Problem to work on:
Images do not belong in the copy. Retype the entries exactly.

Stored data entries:
-- Opening Marker --
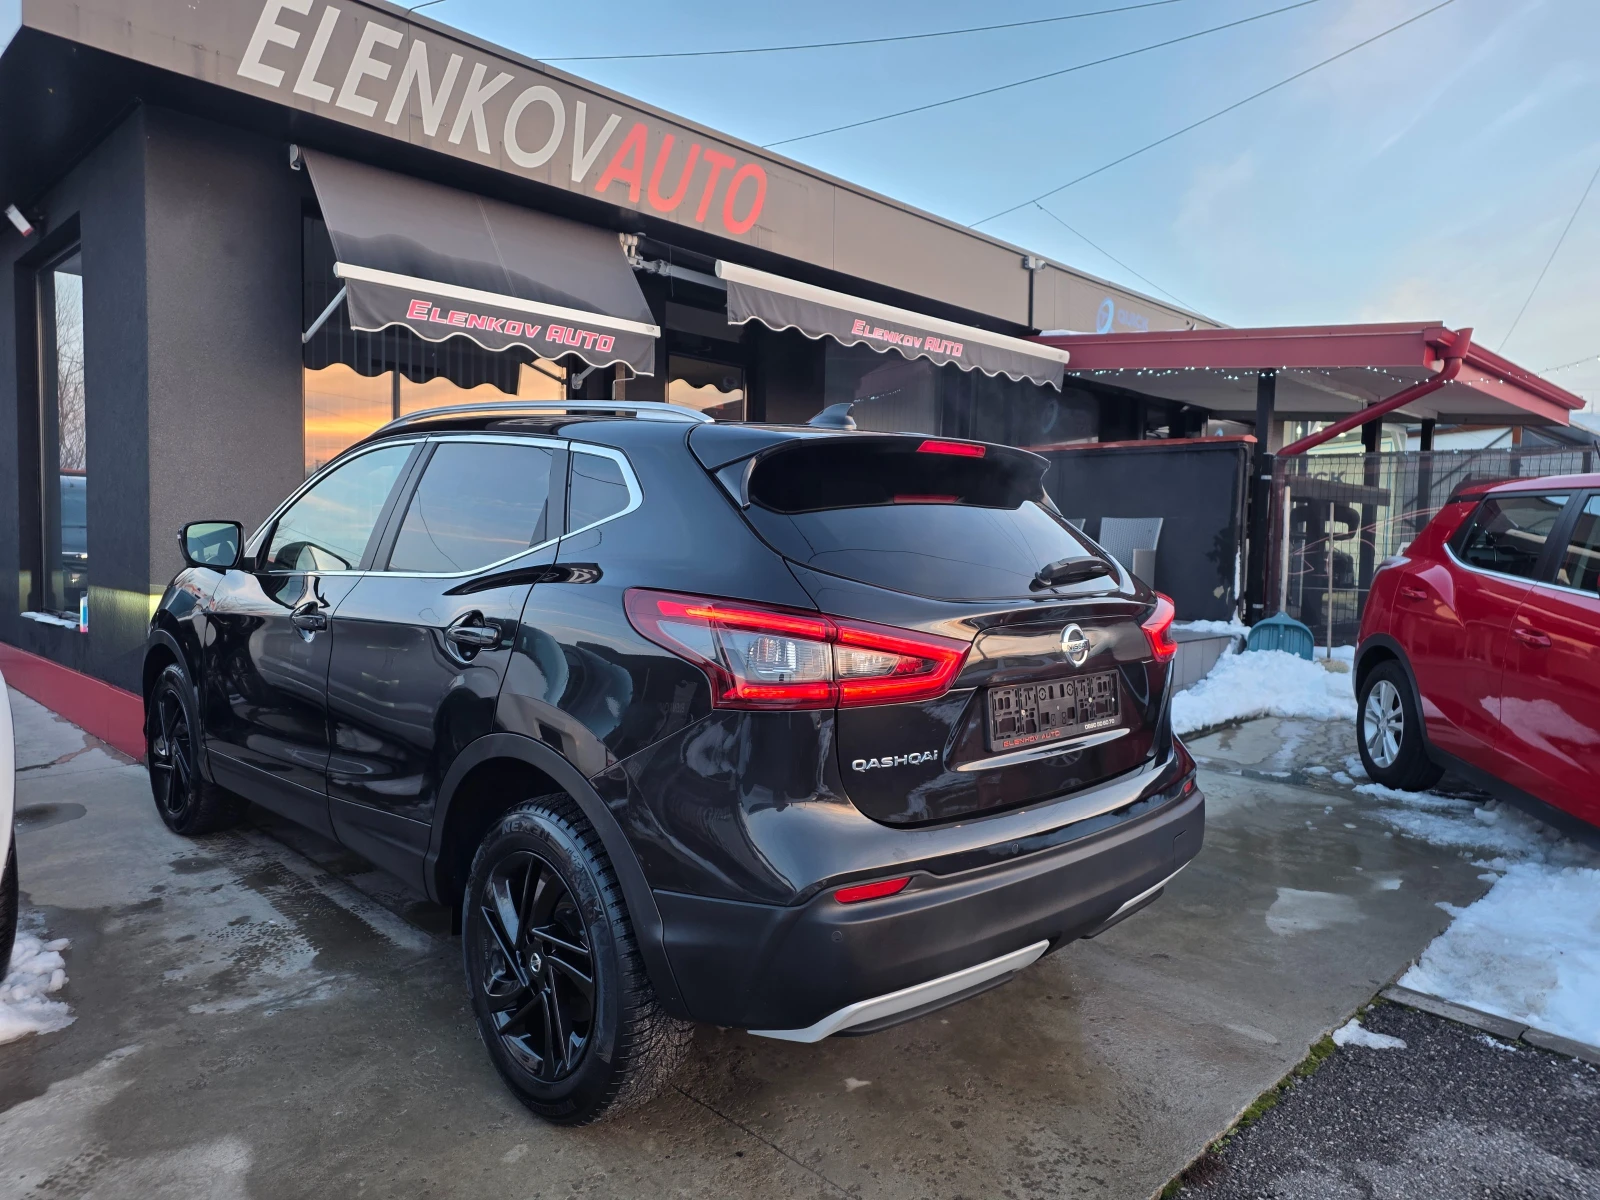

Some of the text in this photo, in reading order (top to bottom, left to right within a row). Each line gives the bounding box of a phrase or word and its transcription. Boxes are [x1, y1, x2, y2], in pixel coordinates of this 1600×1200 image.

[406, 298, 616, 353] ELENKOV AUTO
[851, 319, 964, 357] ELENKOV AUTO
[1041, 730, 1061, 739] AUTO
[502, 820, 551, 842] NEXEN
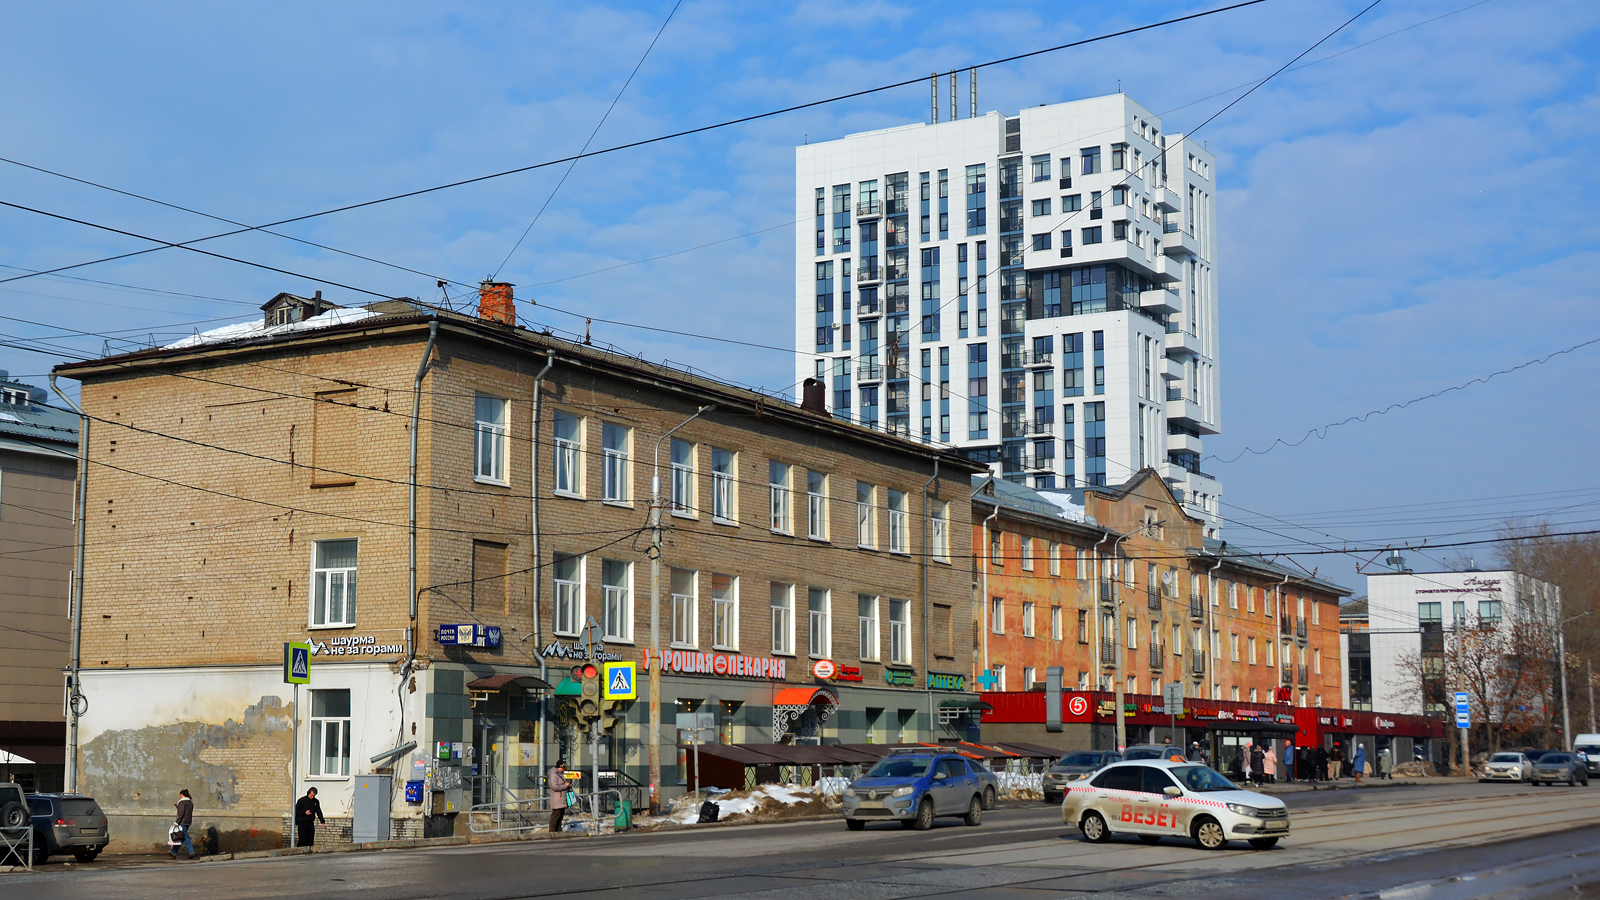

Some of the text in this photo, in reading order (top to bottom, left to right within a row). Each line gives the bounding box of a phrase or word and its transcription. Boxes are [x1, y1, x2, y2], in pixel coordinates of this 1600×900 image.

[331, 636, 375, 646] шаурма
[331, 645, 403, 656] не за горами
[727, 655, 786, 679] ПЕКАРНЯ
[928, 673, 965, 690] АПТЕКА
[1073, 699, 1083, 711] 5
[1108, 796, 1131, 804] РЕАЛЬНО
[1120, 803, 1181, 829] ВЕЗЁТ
-- Closing Marker --
Exercise response:
Some of the text in this photo, in reading order (top to bottom, left to right within a row). Each line gives the bounding box of a phrase or word and its transcription. Boxes are [x1, y1, x2, y2], in pixel coordinates of this 1600×1200 image.

[406, 298, 616, 353] ELENKOV AUTO
[851, 319, 964, 357] ELENKOV AUTO
[1041, 730, 1061, 739] AUTO
[502, 820, 551, 842] NEXEN

Some of the text in this photo, in reading order (top to bottom, left to right within a row). Each line gives the bounding box of a phrase or word and its transcription. Boxes are [x1, y1, x2, y2], in pixel coordinates of this 1600×900 image.

[331, 636, 375, 646] шаурма
[331, 645, 403, 656] не за горами
[727, 655, 786, 679] ПЕКАРНЯ
[928, 673, 965, 690] АПТЕКА
[1073, 699, 1083, 711] 5
[1108, 796, 1131, 804] РЕАЛЬНО
[1120, 803, 1181, 829] ВЕЗЁТ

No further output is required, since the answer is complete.